While patient behavior is more difficult to quantify than near visual acuity, it can be of equal value when evaluating new treatments. Patient-reported outcome (PRO) instruments are more commonly being developed in studies today to consistently quantify subjective outcome measures, allowing for systematic evaluation of functional improvements and quality of life. The US Food and Drug Administration (FDA) is beginning to appreciate the value of the patient perspective and seeking to incorporate it into their assessments of new ophthalmic drugs and devices [19]. More specifically, a task-based PRO instrument has been developed in accordance with the FDA’s PRO guidance. The Near Vision Presbyopia Task-based Questionnaire (NVPTQ) allows participants to assess their own ability to perform near vision tasks in both mesopic and photopic lighting. The Presbyopia Impact and Coping Questionnaire (PICQ) evaluates the participant’s self-reported use of a coping behavior to perform the task (increase font size, squint, adjust brightness), and their satisfaction with their ability to perform the task [20].
Age
Since presbyopia is a progressive condition that results from the natural aging of the lens, it follows that the severity of presbyopia is highly correlated with age. Donders first published the outcomes of his early version of a push-up test on 130 individuals from 10 to 80 years of age in 1864 [21]. Duane used a similar testing technique with a much larger sample of eyes, and published his own data on the relationship between age and accommodative amplitude [22]. Hofstetter continued this work, attempting to reconcile the differences between Donders’ and Duane’s work, and concluded that the data did not “justify the use of any specific curve to represent the trend of the amplitude with the age” [23].
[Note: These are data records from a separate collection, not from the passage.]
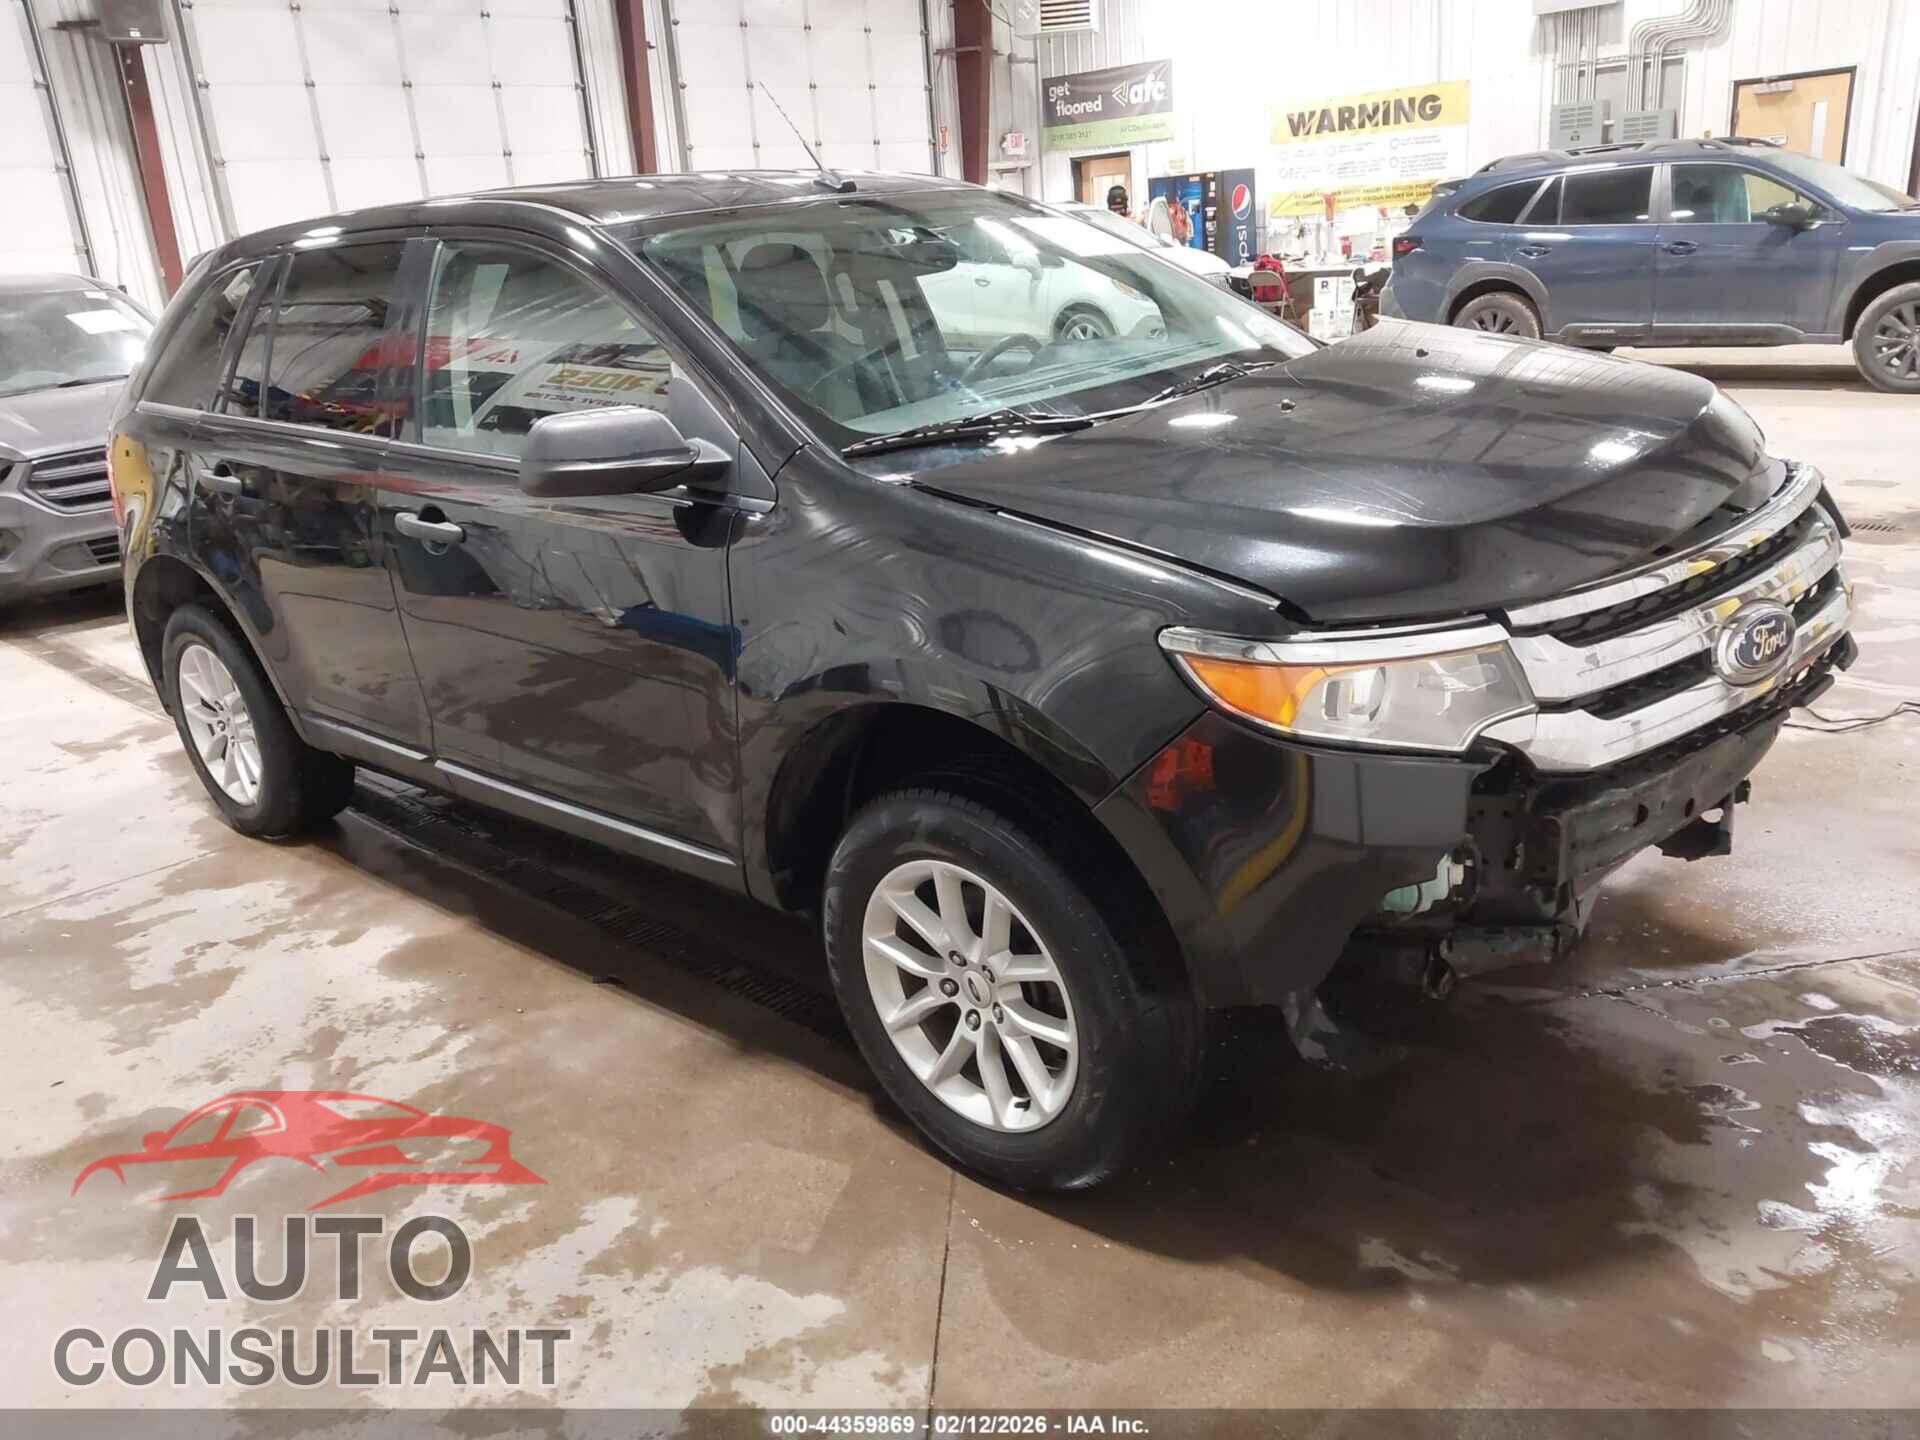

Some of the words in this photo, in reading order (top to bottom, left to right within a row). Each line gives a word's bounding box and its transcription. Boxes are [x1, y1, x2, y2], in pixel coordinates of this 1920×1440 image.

[1049, 82, 1071, 102] get
[1056, 95, 1102, 116] floored
[1129, 72, 1166, 105] afc
[1287, 94, 1442, 137] WARNING
[1236, 225, 1250, 266] epsi
[1753, 619, 1787, 661] Ford
It is clear that the loss of flexibility of the lens starts at birth and progresses throughout life, but even at age 70, there is some residual accommodation [3]. While studies correlating required add power and age do create a sigmoidal curve, it should be noted that the standard deviation of each point is generally quite large [24,25,26] (Fig. 1). For example, individuals 45 years of age were found with near visual acuity ranging from 20/25 to 20/100, and individuals at the other extreme, aged 65, also had a near visual acuity ranging similarly from 20/40 to 20/100. Not only do individuals age differently, but refractive error also impacts how each person will experience presbyopia. Myopes naturally compensate and tend to notice the lack of accommodation later than hyperopes. Panke and colleagues evaluated 216 adults aged 35–80 and concluded that the usability of age to anticipate expected near add requirements was limited due to large individual differences [27]. Although its value as a screening factor is unquestionable, age in diagnostic terms is actually more of an indirect indicator of severity, with high individual-level variability.
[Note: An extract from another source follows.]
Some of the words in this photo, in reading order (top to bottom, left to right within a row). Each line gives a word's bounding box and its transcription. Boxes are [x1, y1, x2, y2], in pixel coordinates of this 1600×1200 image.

Relationship between age and near vision correction required demonstrates that while there is a correlation, the standard deviation of each point is quite large, making age more useful as a screening tool for presbyopia rather than a true indicator of near add requirement
Near Visual Acuity
Presbyopia presents clinically as the loss of near visual acuity; therefore, determining the severity of presbyopia is most directly measured by assessing a patient’s near vision. There are multiple options for assessing near vision, so any number of methods may be appropriate. While distance vision is generally measured at 20 feet or 6 m, near vision is commonly assessed at 14 inches or 35 cm from the phoropter. The most common near visual acuity test is the Jaeger Schrift–Scalen Test, or Jaeger for short. However, near vision can also be assessed with Snellen, logMAR (logarithm of the minimum angle of resolution), or M tests [28]. As reading tests can be influenced by differing native languages or low literacy, an optotype test rather than a reading test may be considered.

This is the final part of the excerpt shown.